Flannery spreads goodwill in Limerick city

Nick Rabbitts


Nick Rabbitts

RUGBY star Jerry Flannery swapped the red of Munster for the red suit of Santa Claus as part of a fundraising drive.

RUGBY star Jerry Flannery swapped the red of Munster for the red suit of Santa Claus as part of a fundraising drive.

Jerry, whose father is proprietor of Jerry Flannery’s pub on Catherine Street, agreed to dress up as Santa Claus for three and a half hours last week as traders from Catherine and Roches Streets raised €1,000 for St Camillus’ Hospital.

More than 60 traders on the two streets got together for a Christmas get together last week in the bar.

And with a €15 entry fee, and a raffle with star prizes, the traders raised €1,000 for the Shelbourne Road hospital, who will use the funding to buy Ipads and other things to help patients recover and rehabilitate.

Grainne Vaughan, proprietor of Joli Boutique, and the newly opened La Copa shoe shop which lie side by side in Roches Street, organised the night out.

Speaking to the Limerick Leader, she said the traders decided to get together for a night, because they do not do this very often.

There was a touch of poignancy, with the traders remembering one of their own: grocery shop owner Betty McDonagh who died of a stroke earlier this year.

Grainne said the evening was in memory of the popular businesswoman, saying: “We unified for one of our colleagues.”

The traders got together after a tough days work, and then partied the night away.

“We are very supportive of each other all the time, and we don’t ever get to really spend any time together. There are a lot of us around the area. It was great to have a night together rather than lots of separate nights.”

Grainne praised Munster’s number two for his efforts for the various charities he has helped down the years.

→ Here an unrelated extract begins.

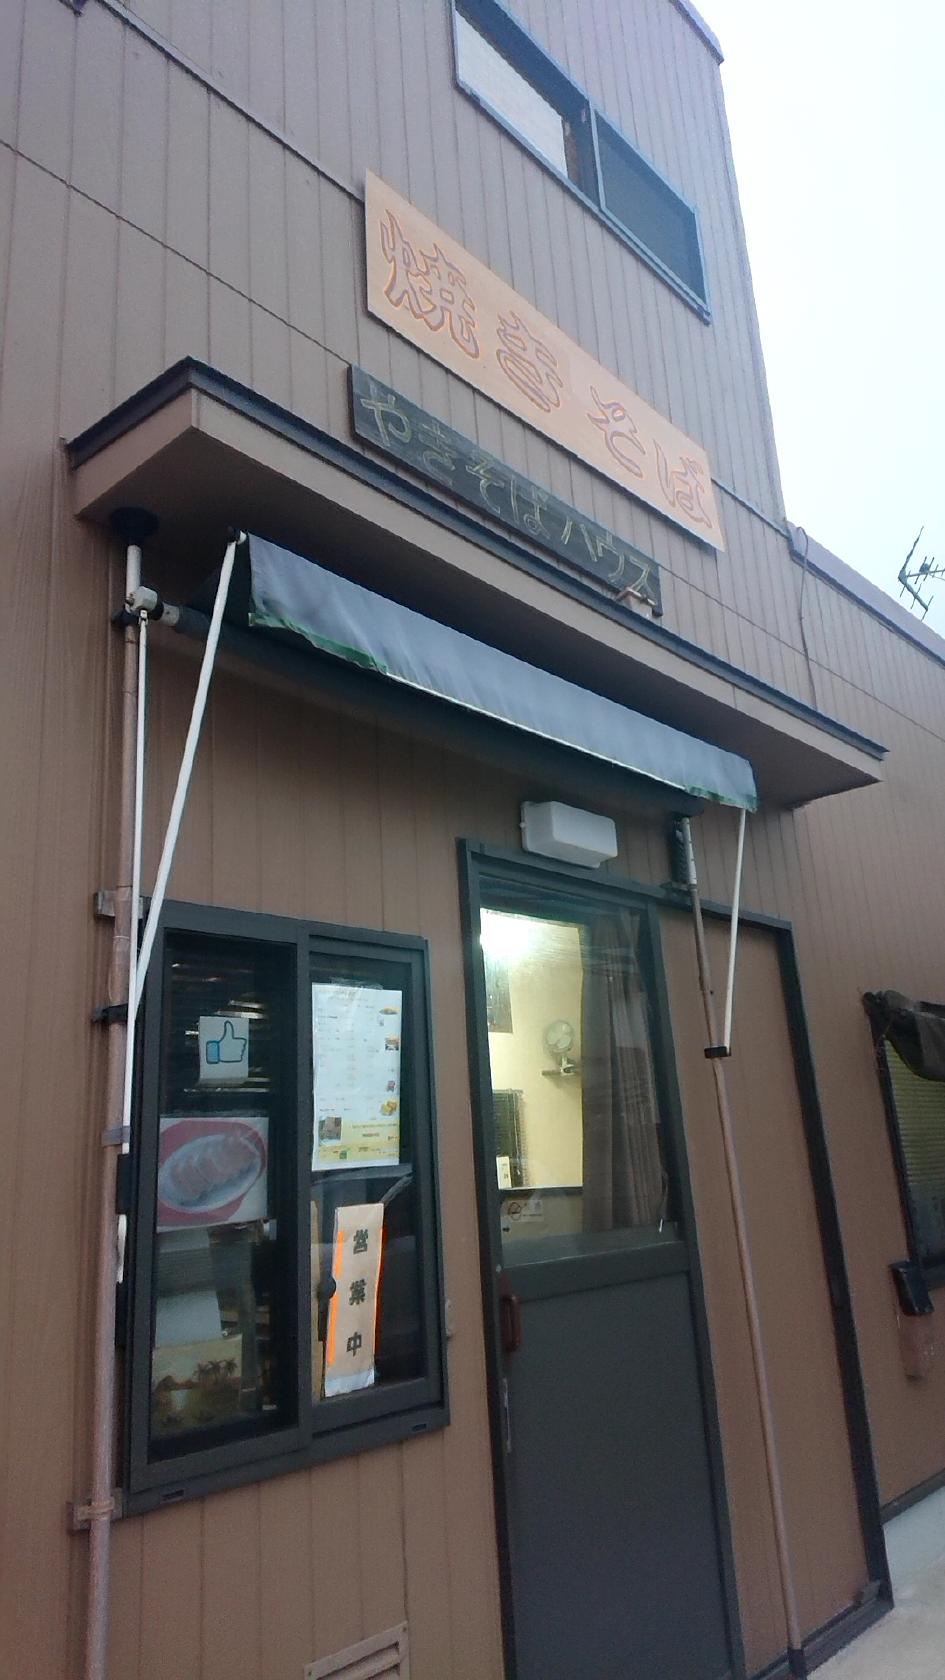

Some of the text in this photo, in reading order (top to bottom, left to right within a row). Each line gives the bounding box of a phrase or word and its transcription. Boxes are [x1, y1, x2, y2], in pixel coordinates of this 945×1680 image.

[380, 208, 713, 529] 焼きそば
[360, 380, 656, 596] やきそばハウス
[346, 1227, 369, 1358] 営業中
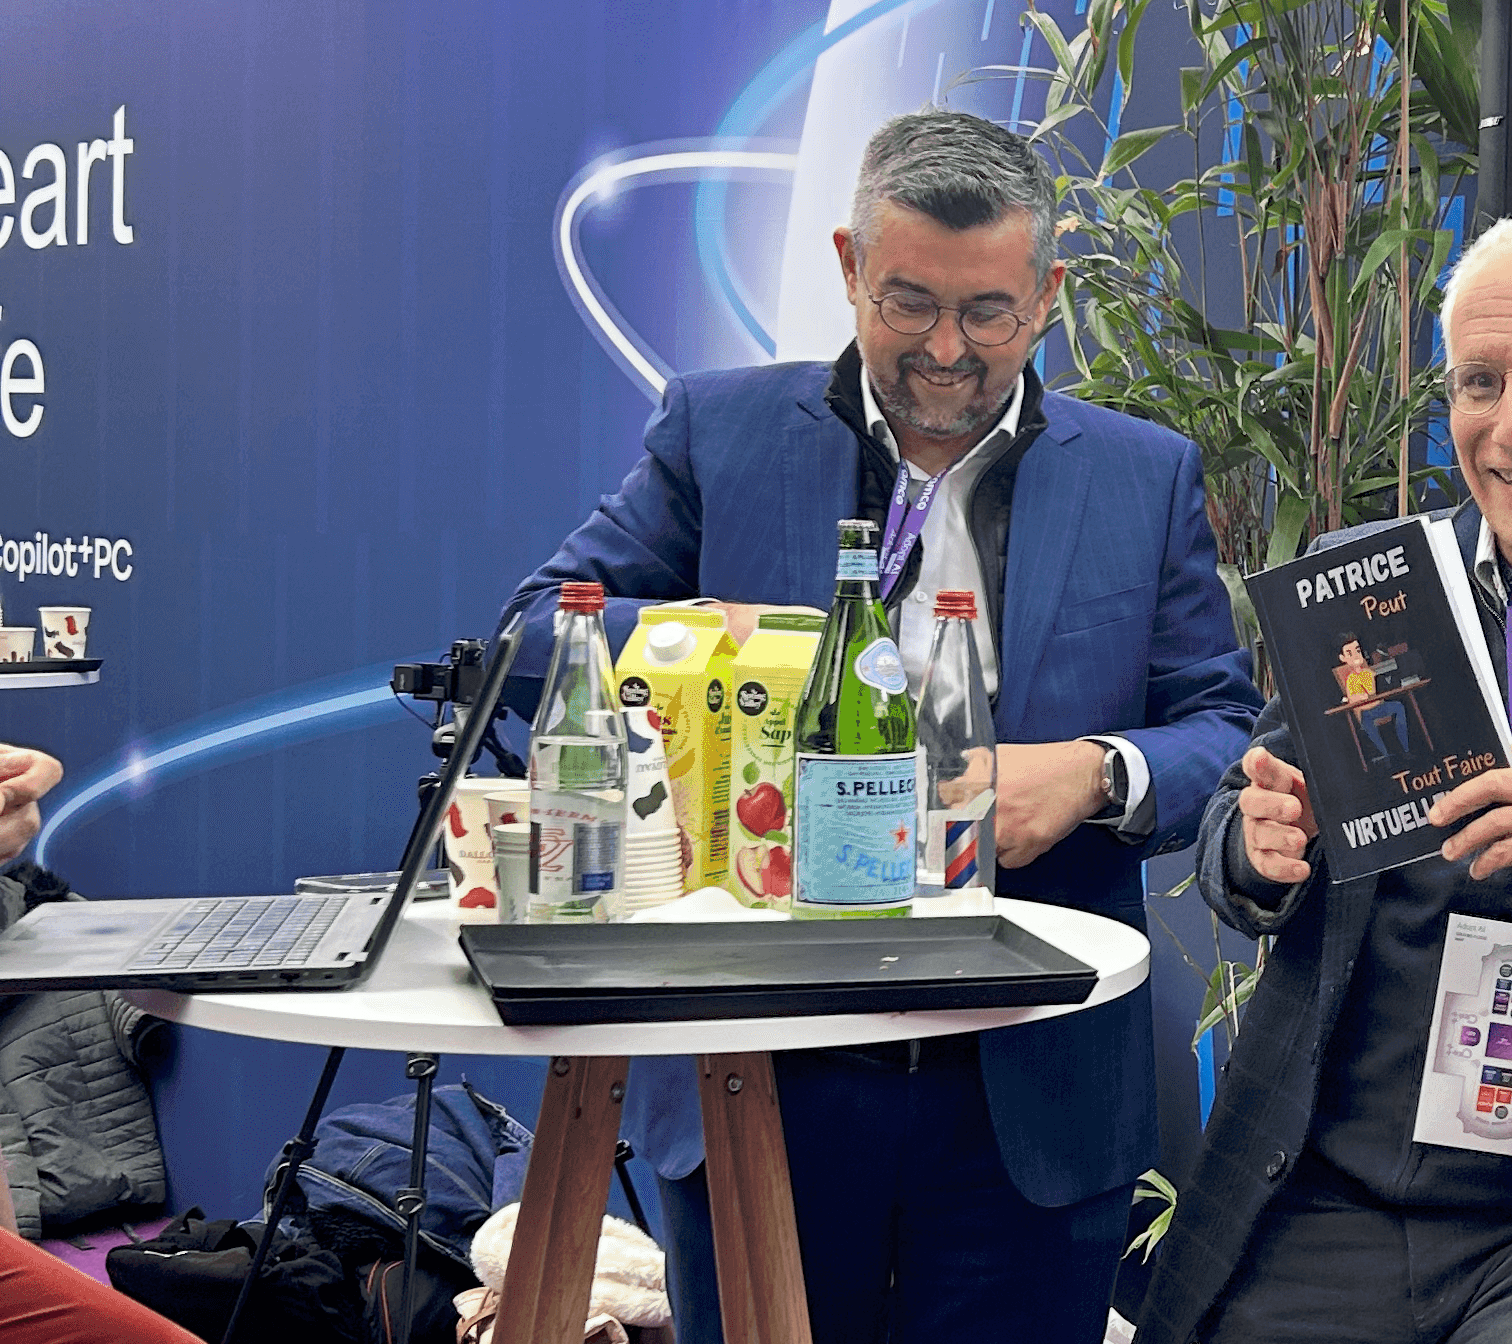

She revealed that she only asked Jerry last Monday to dress up as Father Christmas.

“I asked him only last Monday if I hired him a suit, would he wear it. And he not only wore it for about three and a half hours, but everyone who won a spot prize sat on his knee and had a photo taken with him. He was a really great sport,” she concluded.

Traders in Roches Street and Catherine Street take part in various fundraising activities throughout the year.

Every September, they hold their annual art exhibition, in which traders agree to place paintings in their window.

Shoppers who like the look of any painting can head inside to buy it, with the majority of the proceeds going to Milford Hospice and a second nominated charity. The street is renowned as a hub for independent companies.